More popular than ever, country music is also -- as a form -- more debased than ever. Turn to your local country station or switch on TNN and what you hear is less the country sound than representations of that sound, voices and guitars that twang as if they'd been programmed, everything stripped of the dirt of experience. The truth is that the themes country music has traditionally dealt with -- sin, loss and its acceptance, redemption or the refusal of it -- have no place in a genre that has been reduced to the manufactured emotion of party songs, empowerment songs (for the women singers), MOR ballads. The sort of schlocky material done by the singers that people in their 40s and late 30s grew up seeing on talk shows -- the likes of Jerry Vale, Sandler and Young, Vic Damone -- is now being churned out in a country idiom. The "rock" side of country is no less safe. For aging rock
audiences, the flashy stage shows of performers like Garth Brooks or Shania Twain are a sort of security blanket, allowing people who long ago stopped paying attention to rock 'n' roll to feel as if they're still in the fold.
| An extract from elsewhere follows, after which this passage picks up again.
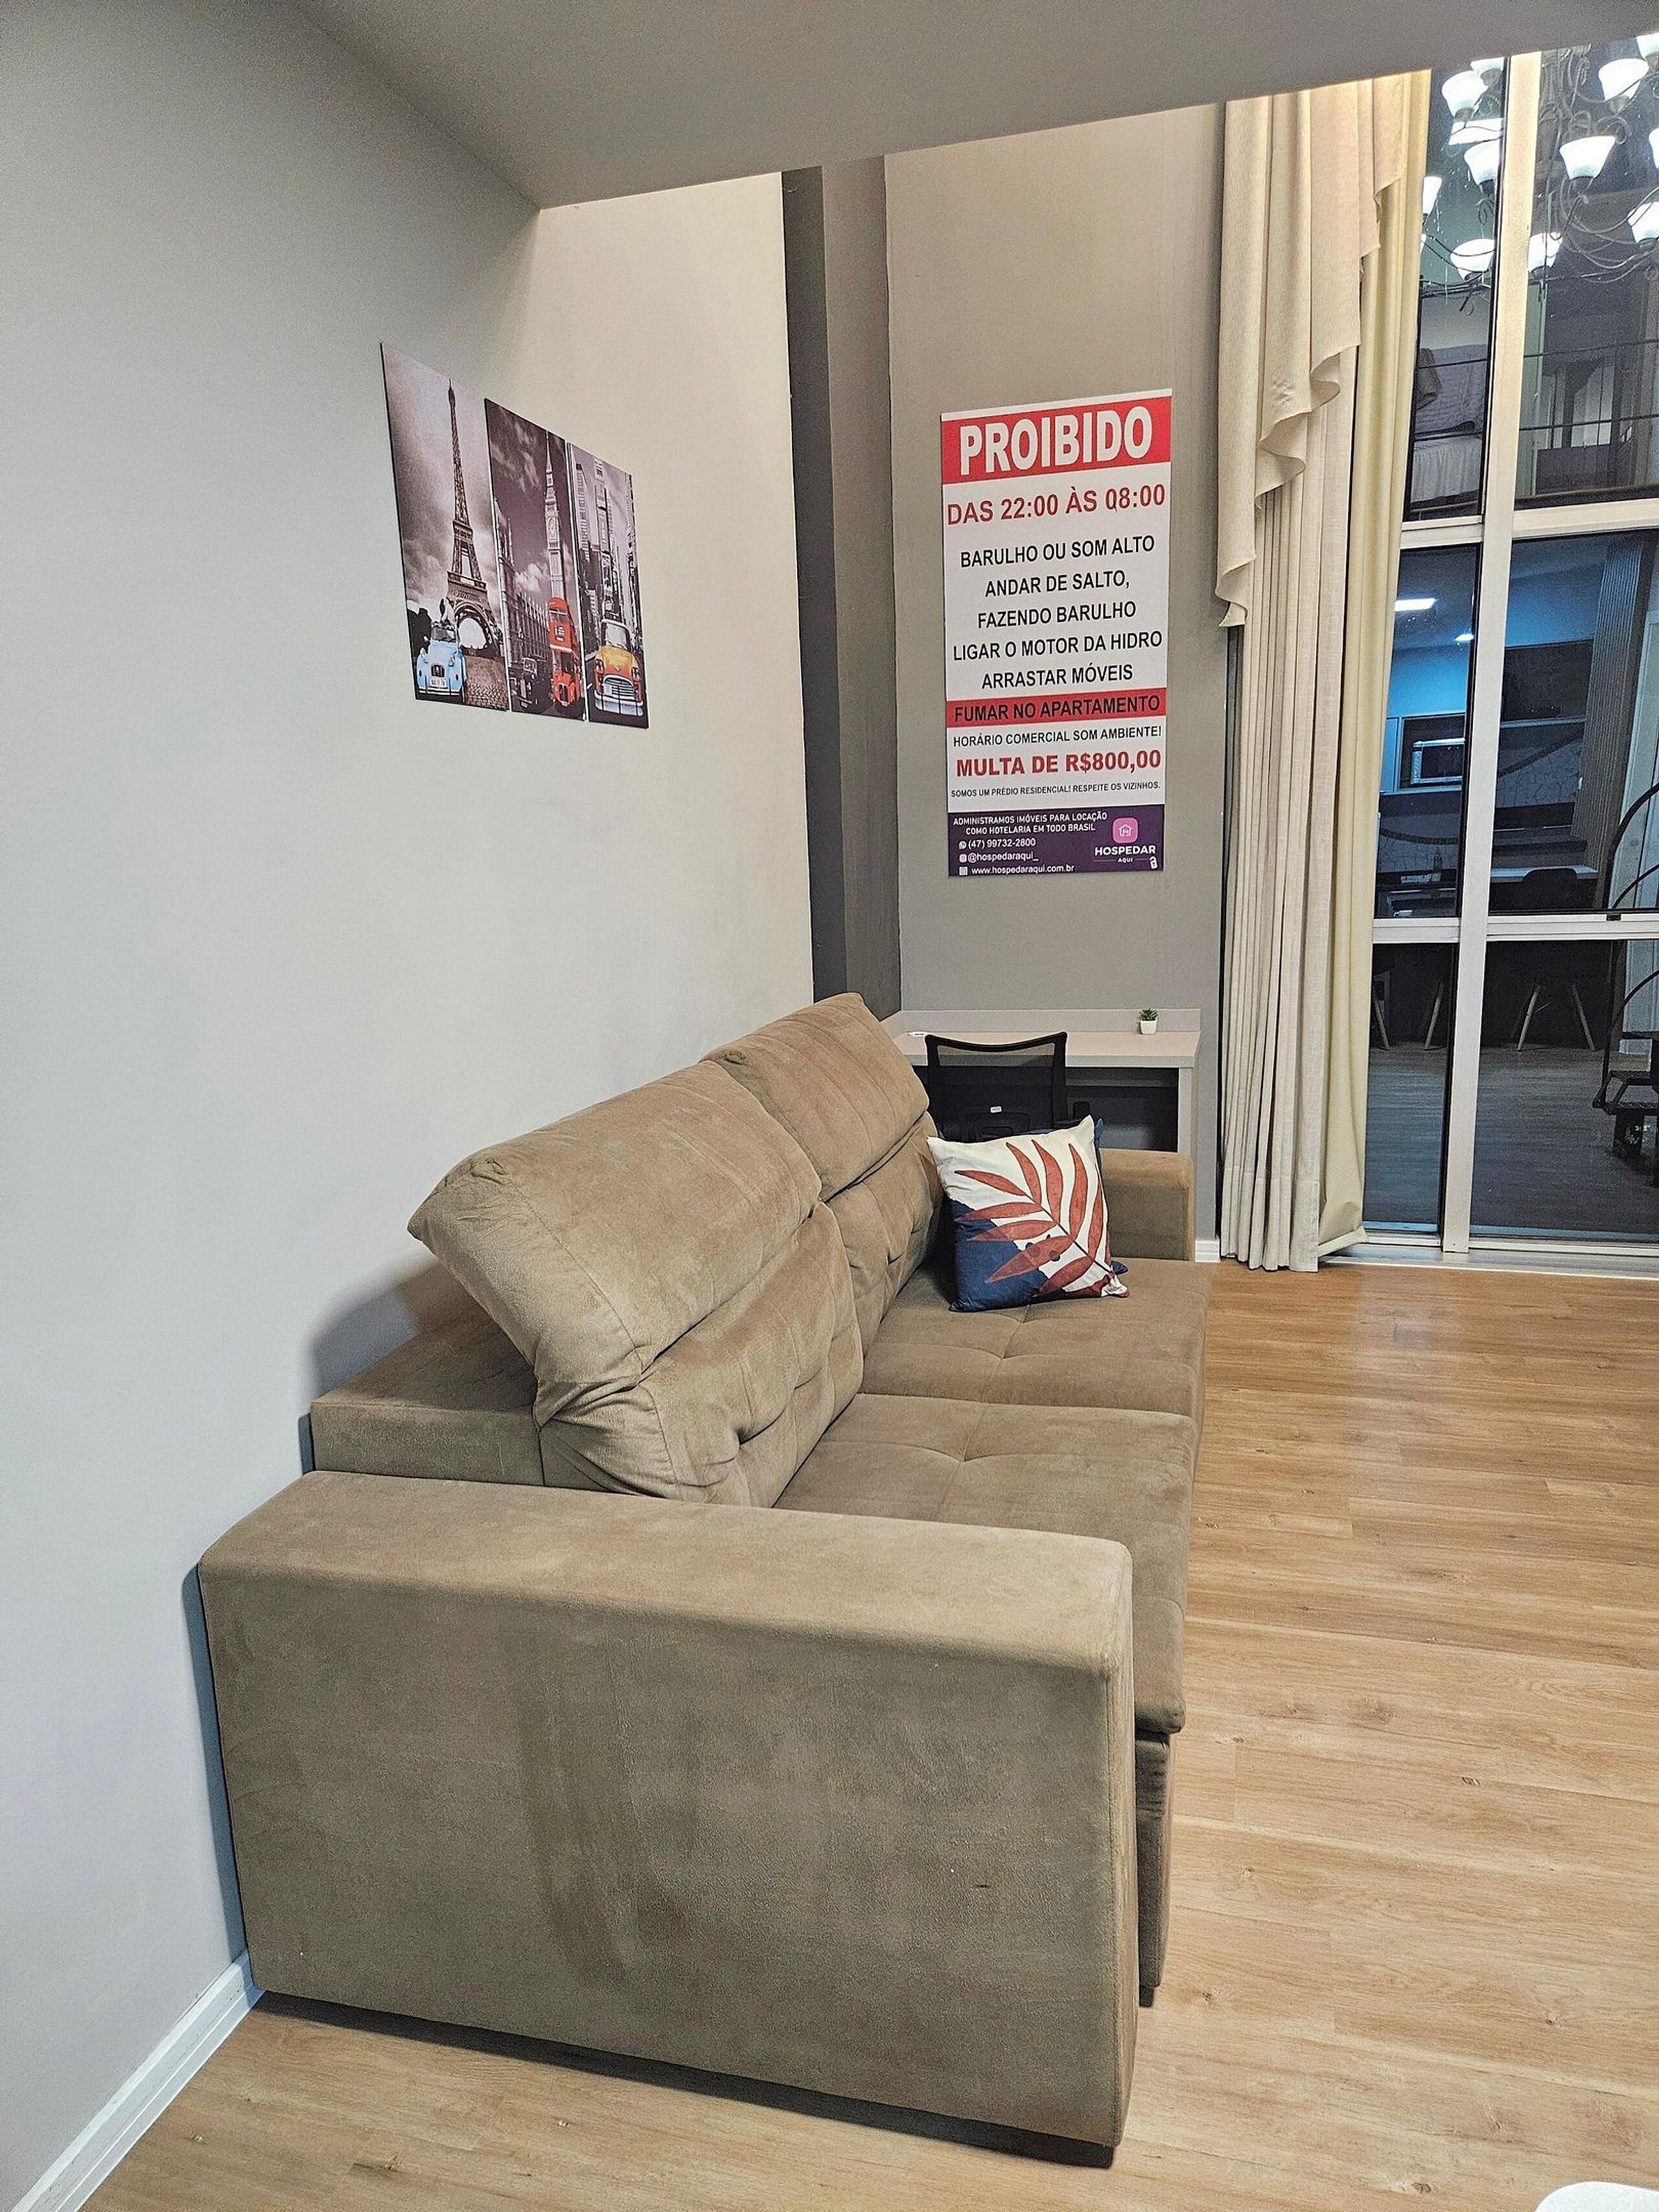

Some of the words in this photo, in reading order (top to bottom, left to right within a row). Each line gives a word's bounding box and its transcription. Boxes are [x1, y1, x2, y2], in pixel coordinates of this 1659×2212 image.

The bright spots have been sparse. I continue listening to Martina McBride because, despite all the second-rate material and musicianship she settles for, I still hear a real person when she sings. (And I'm not ready to give up on anyone who delivered as powerful a performance as "Independence Day," perhaps the greatest single of the decade, certainly the most subversive.) But McBride's success is not likely to encourage her to take on the material or sidemen that would challenge her. And I don't know when we're likely to hear another album from Bobbie Cryner, whose 1995 "Girl of Your Dreams," the toughest set of marriage songs since Richard and Linda Thompson's "Shoot Out the Lights," showed how real feeling might be possible in the slick country mainstream. Country radio has become so rigidly formatted that a few years ago the Mavericks' last album, "Trampoline," which you might have expected to spawn hit after hit, was ignored as too rock 'n' roll (and ignored as too country by rock stations). After his last album, "Unchained," which got no airplay, won a Grammy, Johnny Cash took out ads in the industry trade publications in which he expressed thanks "to the Nashville music establishment and country radio for your support" -- alongside a 1969 picture of him giving the finger to the camera. There's no better example of what's wrong with country radio than the fact that you won't hear artists like Shaver (whose "Tramp on Your Street" may be the finest country album of the decade) or Alison Krauss, perhaps the purest voice in country right now. The bits of slickness that crept into "So Long, So Wrong," the last album from Krauss and her band, Union Station, suggested she was in for a long, uncertain fight to continue playing her music the way she wanted.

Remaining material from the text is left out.